Annotated photo localization data

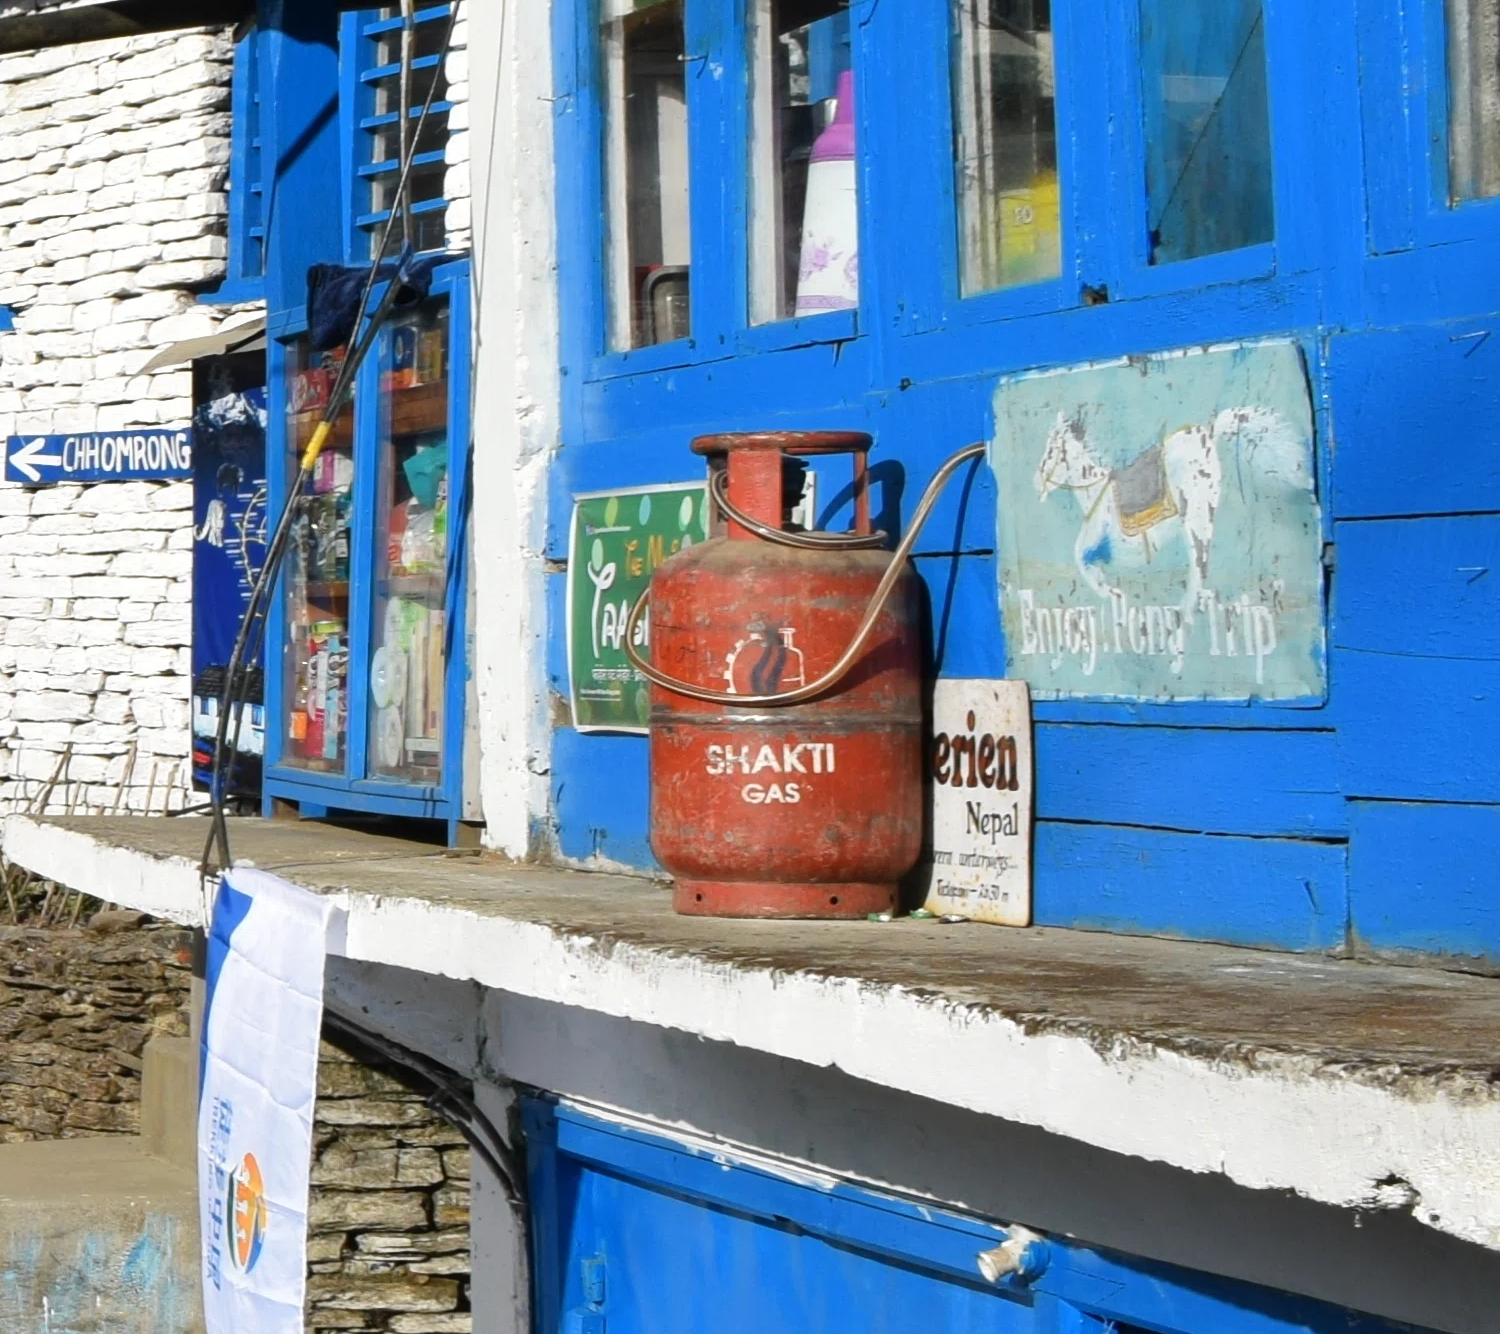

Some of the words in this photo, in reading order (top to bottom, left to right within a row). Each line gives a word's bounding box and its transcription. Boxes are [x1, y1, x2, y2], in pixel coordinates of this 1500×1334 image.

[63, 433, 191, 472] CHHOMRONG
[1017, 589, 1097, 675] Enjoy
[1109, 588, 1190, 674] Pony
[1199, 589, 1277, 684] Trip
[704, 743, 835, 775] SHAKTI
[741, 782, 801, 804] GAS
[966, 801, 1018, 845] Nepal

### Task requirements
Copy out the data verbatim, with no pictures.

### Your response
Some of the words in this photo, in reading order (top to bottom, left to right within a row). Each line gives a word's bounding box and its transcription. Boxes are [x1, y1, x2, y2], in pixel coordinates of this 1500×1334 image.

[63, 433, 191, 472] CHHOMRONG
[1017, 589, 1097, 675] Enjoy
[1109, 588, 1190, 674] Pony
[1199, 589, 1277, 684] Trip
[704, 743, 835, 775] SHAKTI
[741, 782, 801, 804] GAS
[966, 801, 1018, 845] Nepal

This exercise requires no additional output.